Mas Santri tampak mengangguk-anggukkan kepalanya mendengar jawaban Ki Waskita.  Berkata Mas Santri kemudian sambil mengangguk hormat, “Maafkan aku Ki Waskita, jika memang aku salah dalam hal ini. Aku diutus oleh ayahku dan sekaligus guruku untuk memberitahukan kepada siapapun yang mencari keberadaan Ki Rangga saat ini.”

Mendengar Mas Santri menyebut nama Ki Rangga, Ki Waskita bagaikan tersadar dari sebuah mimipi buruk. Dengan tergesa-gesa dia segera menyahut, “Ki Rangga Agung Sedayu? Di mana keberadaan Ki Rangga sekarang? Dan bagaimanakah keadaannya?”

Mas Santri tersenyum sekilas mendapat pertanyaan yang bertubi-tubi dari Ki Waskita itu. Jawabnya kemudian, “Ki Waskita, Ki Rangga telah dibawa menyingkir oleh ayahku. Tapi percayalah, ayahku akan berusaha sekuat tenaga untuk menolong Ki Rangga yang sedang menderita luka yang cukup parah.”

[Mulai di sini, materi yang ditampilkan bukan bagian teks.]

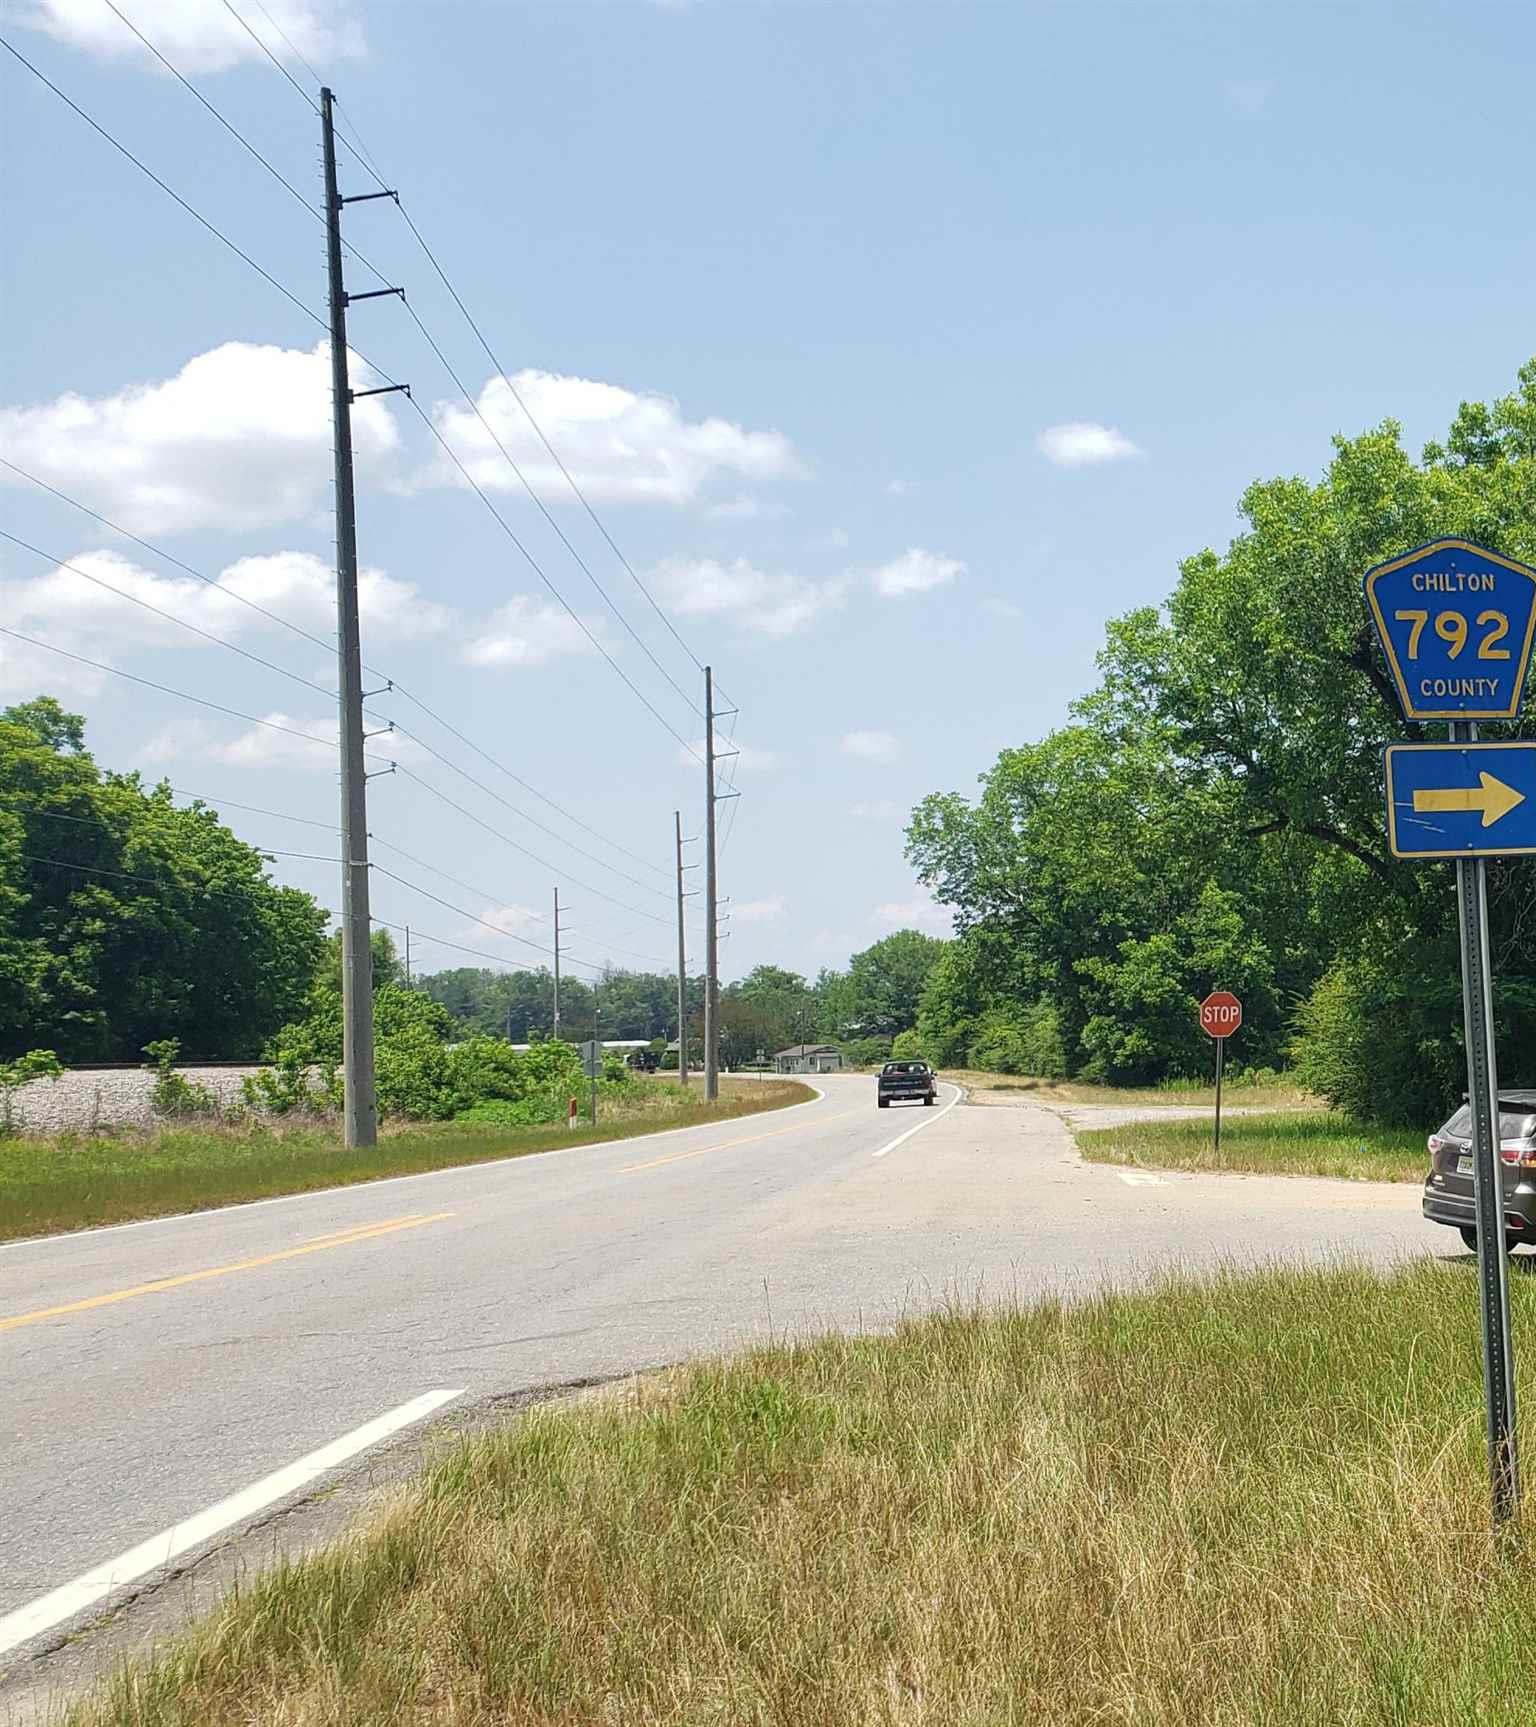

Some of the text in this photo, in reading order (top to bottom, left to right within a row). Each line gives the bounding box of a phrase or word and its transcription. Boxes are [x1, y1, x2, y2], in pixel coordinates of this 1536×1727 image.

[1412, 573, 1495, 592] CHILTON
[1395, 609, 1511, 660] 792
[1420, 678, 1499, 697] COUNTY
[1203, 1006, 1239, 1023] STOP
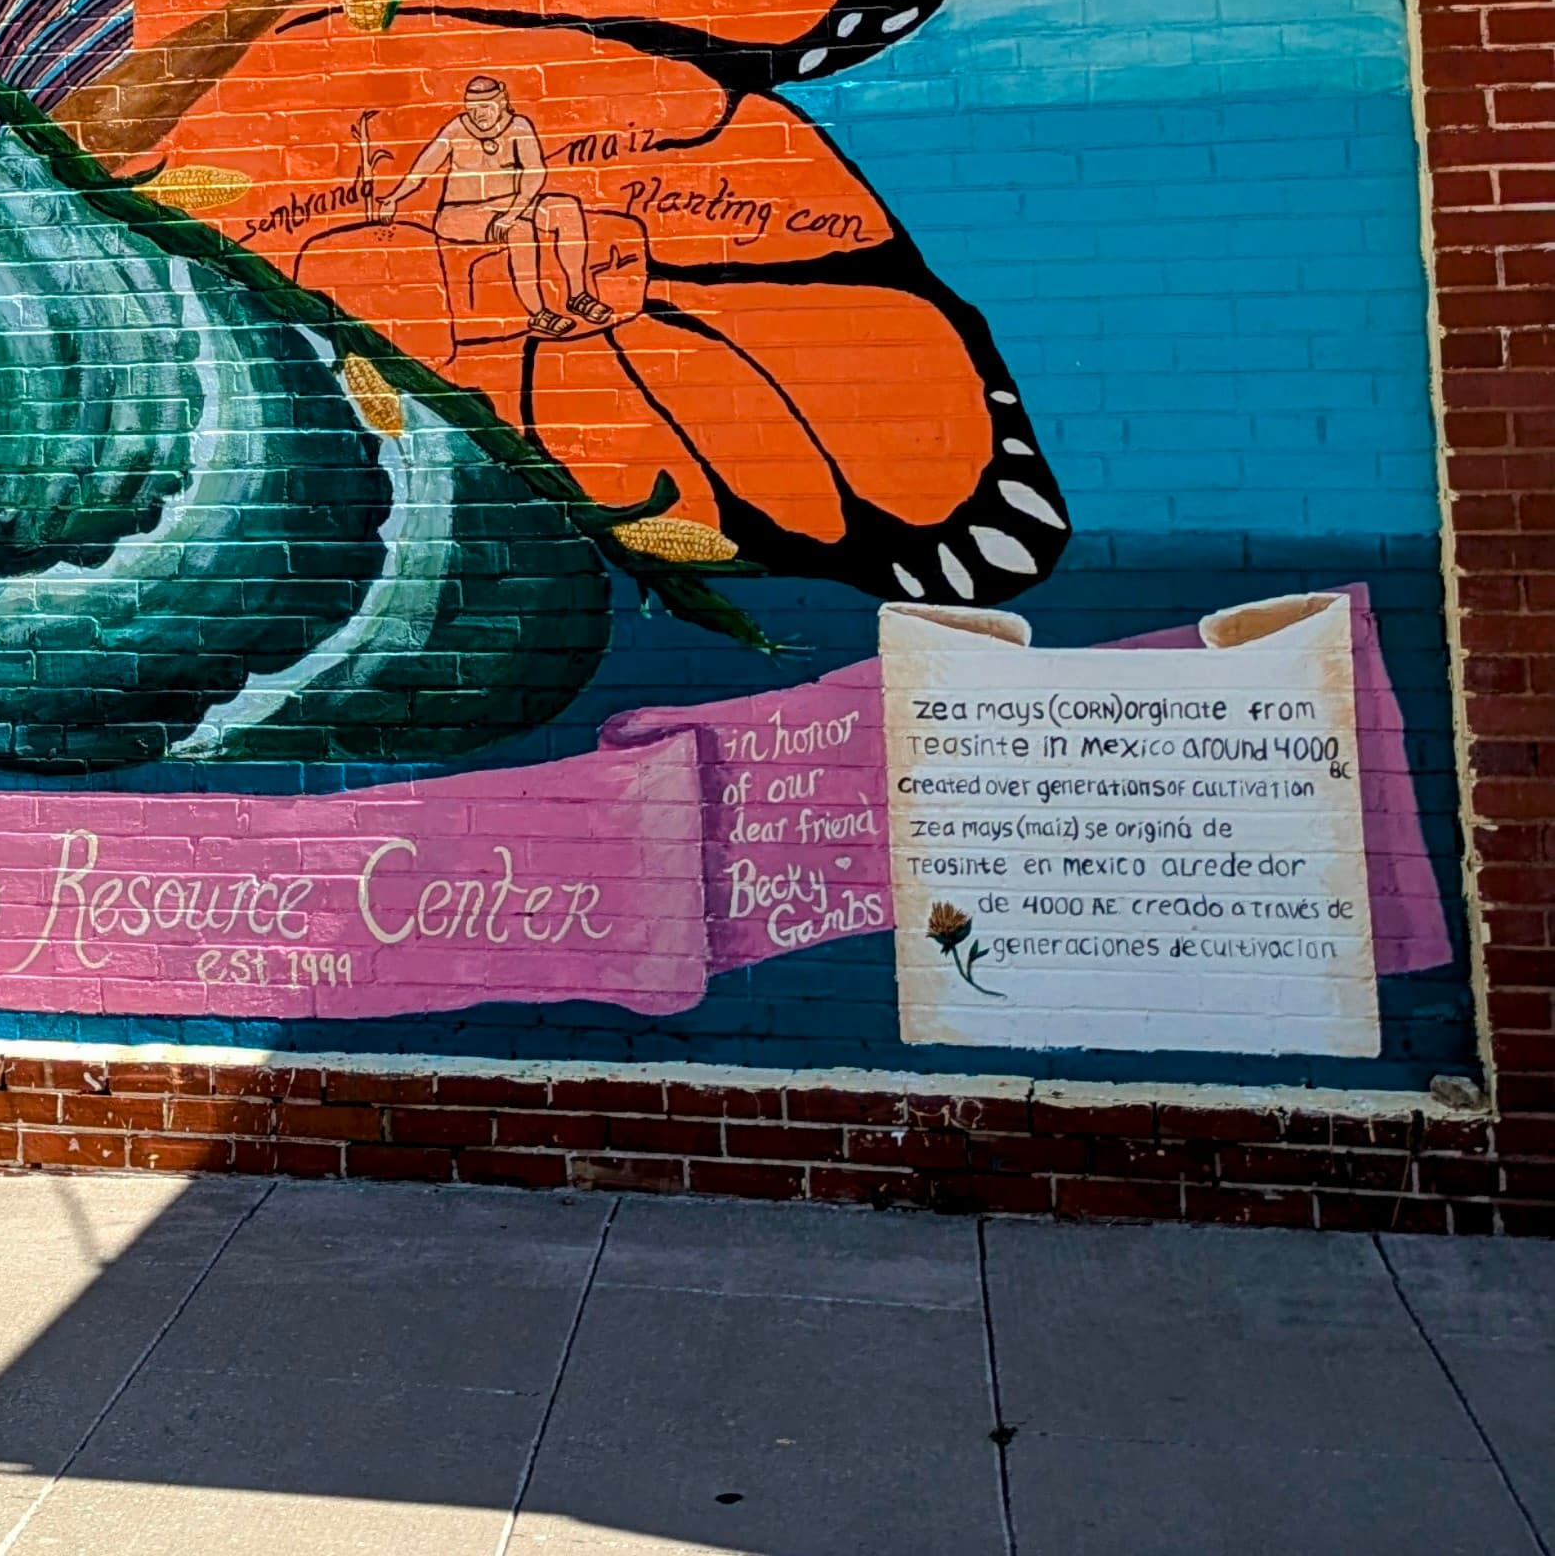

“Ki Rangga terluka parah?” tanpa sadar Ki Waskita berseru dengan suara sedikit khawatir.

Segera saja Ki Waskita teringat di saat-saat terakhir sebelum benturan itu terjadi. Ki Waskita masih sempat melihat Ki Rangga yang sedang dalam puncak samadinya itu menyilangkan kedua tangannya di atas kepala.

“Bagaimana mungkin itu bisa dilakukan oleh angger Sedayu?” pertanyaan itu melingkar-lingkar dalam benak Ki Waskita, “Untuk membangunkan dari puncak samadinya diperlukan waktu. Mungkin seseorang yang linuwih telah berhasil membangunkan angger Sedayu hanya dalam waktu yang sekejap sehingga angger Sedayu masih mempunyai kesempatan untuk melindungi diri. Tidak menutup kemungkinan ayah dan sekailgus guru dari anak muda yang bernama Mas Santri inilah yang telah melakukannya.”

Namun belum sempat kedua orang itu melanjutkan pembicaraan mereka, tiba-tiba saja dari arah dinding padepokan terdengar suara teriakan menggelegar.

“Guru..?!” terdengar seseorang berteriak sambil meluncur turun dari atas dinding padepokan.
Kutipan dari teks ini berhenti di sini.